[Given information]:

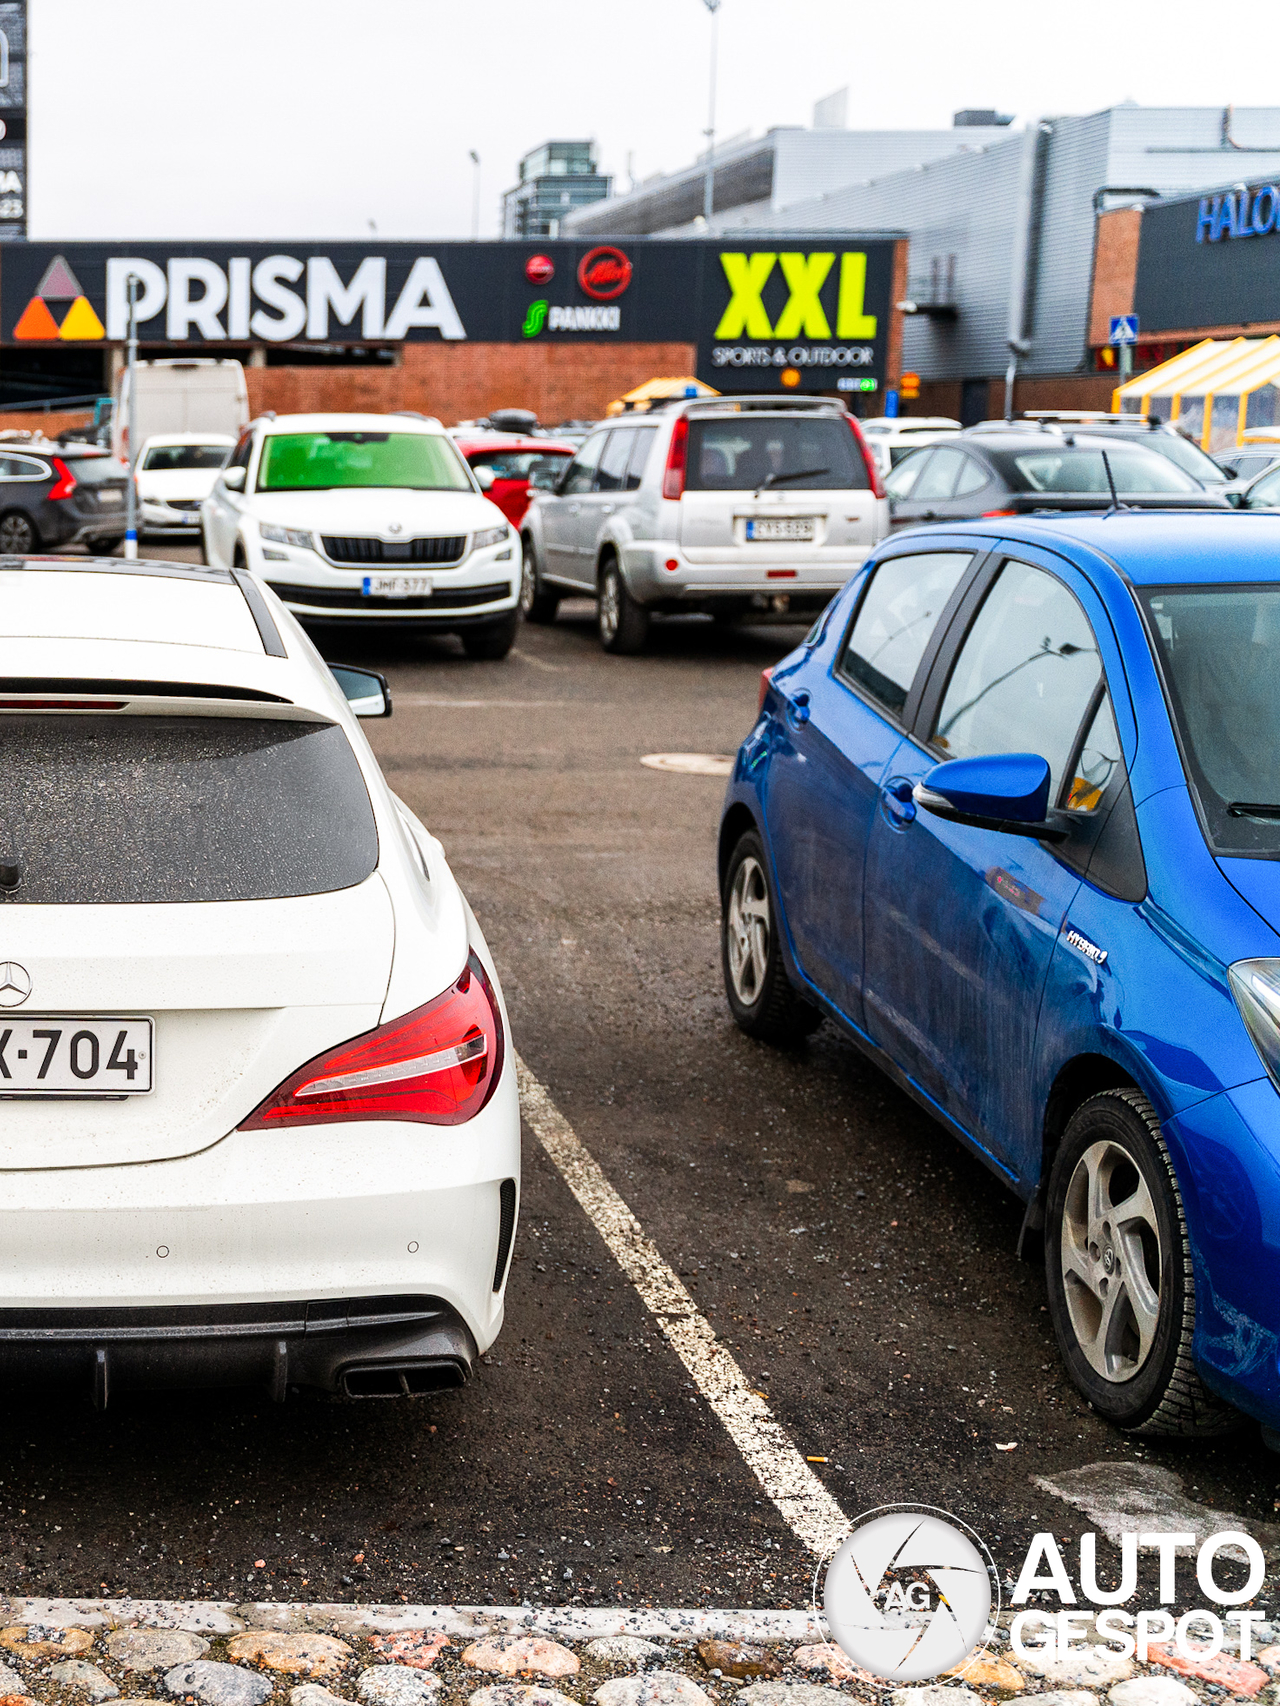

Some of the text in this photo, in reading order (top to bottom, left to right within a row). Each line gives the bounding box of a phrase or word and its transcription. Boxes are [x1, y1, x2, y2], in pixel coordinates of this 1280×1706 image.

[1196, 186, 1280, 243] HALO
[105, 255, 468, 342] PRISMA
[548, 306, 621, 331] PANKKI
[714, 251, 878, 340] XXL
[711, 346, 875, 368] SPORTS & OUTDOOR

[Exercise requirements]:
Return each line above word for word. Skip the pictures.

[Answer section]:
Some of the text in this photo, in reading order (top to bottom, left to right within a row). Each line gives the bounding box of a phrase or word and its transcription. Boxes are [x1, y1, x2, y2], in pixel coordinates of this 1280×1706 image.

[1196, 186, 1280, 243] HALO
[105, 255, 468, 342] PRISMA
[548, 306, 621, 331] PANKKI
[714, 251, 878, 340] XXL
[711, 346, 875, 368] SPORTS & OUTDOOR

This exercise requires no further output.